# Exercise instructions
The required output is every record, written out exactly.
※
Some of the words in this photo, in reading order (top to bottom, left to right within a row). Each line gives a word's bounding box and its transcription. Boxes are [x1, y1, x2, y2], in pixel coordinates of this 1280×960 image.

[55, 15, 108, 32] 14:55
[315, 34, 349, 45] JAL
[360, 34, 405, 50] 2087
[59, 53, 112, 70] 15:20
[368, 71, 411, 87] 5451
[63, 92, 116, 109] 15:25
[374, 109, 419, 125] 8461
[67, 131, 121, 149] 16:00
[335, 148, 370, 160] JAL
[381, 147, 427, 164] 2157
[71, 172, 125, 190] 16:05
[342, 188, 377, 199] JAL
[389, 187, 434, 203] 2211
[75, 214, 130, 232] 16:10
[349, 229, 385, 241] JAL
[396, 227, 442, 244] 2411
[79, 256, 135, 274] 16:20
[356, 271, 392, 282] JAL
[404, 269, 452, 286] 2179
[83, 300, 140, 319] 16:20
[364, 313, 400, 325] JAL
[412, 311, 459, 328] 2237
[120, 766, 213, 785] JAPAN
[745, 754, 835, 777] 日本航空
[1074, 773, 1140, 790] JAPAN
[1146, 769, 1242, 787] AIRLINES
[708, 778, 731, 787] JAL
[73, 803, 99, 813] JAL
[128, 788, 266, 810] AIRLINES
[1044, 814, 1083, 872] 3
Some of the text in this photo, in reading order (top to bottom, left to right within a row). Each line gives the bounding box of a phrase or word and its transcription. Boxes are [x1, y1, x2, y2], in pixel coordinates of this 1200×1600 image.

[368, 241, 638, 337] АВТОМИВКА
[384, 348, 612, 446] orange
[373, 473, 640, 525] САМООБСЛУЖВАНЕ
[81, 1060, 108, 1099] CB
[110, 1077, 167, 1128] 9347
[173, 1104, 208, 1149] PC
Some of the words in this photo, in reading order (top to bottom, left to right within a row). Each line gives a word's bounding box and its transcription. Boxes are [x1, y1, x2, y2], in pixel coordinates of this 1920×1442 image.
※
# Reply
Some of the words in this photo, in reading order (top to bottom, left to right within a row). Each line gives a word's bounding box and its transcription. Boxes are [x1, y1, x2, y2], in pixel coordinates of this 1280×960 image.

[55, 15, 108, 32] 14:55
[315, 34, 349, 45] JAL
[360, 34, 405, 50] 2087
[59, 53, 112, 70] 15:20
[368, 71, 411, 87] 5451
[63, 92, 116, 109] 15:25
[374, 109, 419, 125] 8461
[67, 131, 121, 149] 16:00
[335, 148, 370, 160] JAL
[381, 147, 427, 164] 2157
[71, 172, 125, 190] 16:05
[342, 188, 377, 199] JAL
[389, 187, 434, 203] 2211
[75, 214, 130, 232] 16:10
[349, 229, 385, 241] JAL
[396, 227, 442, 244] 2411
[79, 256, 135, 274] 16:20
[356, 271, 392, 282] JAL
[404, 269, 452, 286] 2179
[83, 300, 140, 319] 16:20
[364, 313, 400, 325] JAL
[412, 311, 459, 328] 2237
[120, 766, 213, 785] JAPAN
[745, 754, 835, 777] 日本航空
[1074, 773, 1140, 790] JAPAN
[1146, 769, 1242, 787] AIRLINES
[708, 778, 731, 787] JAL
[73, 803, 99, 813] JAL
[128, 788, 266, 810] AIRLINES
[1044, 814, 1083, 872] 3
Some of the text in this photo, in reading order (top to bottom, left to right within a row). Each line gives the bounding box of a phrase or word and its transcription. Boxes are [x1, y1, x2, y2], in pixel coordinates of this 1200×1600 image.

[368, 241, 638, 337] АВТОМИВКА
[384, 348, 612, 446] orange
[373, 473, 640, 525] САМООБСЛУЖВАНЕ
[81, 1060, 108, 1099] CB
[110, 1077, 167, 1128] 9347
[173, 1104, 208, 1149] PC
Some of the words in this photo, in reading order (top to bottom, left to right within a row). Each line gives a word's bounding box and its transcription. Boxes are [x1, y1, x2, y2], in pixel coordinates of this 1920×1442 image.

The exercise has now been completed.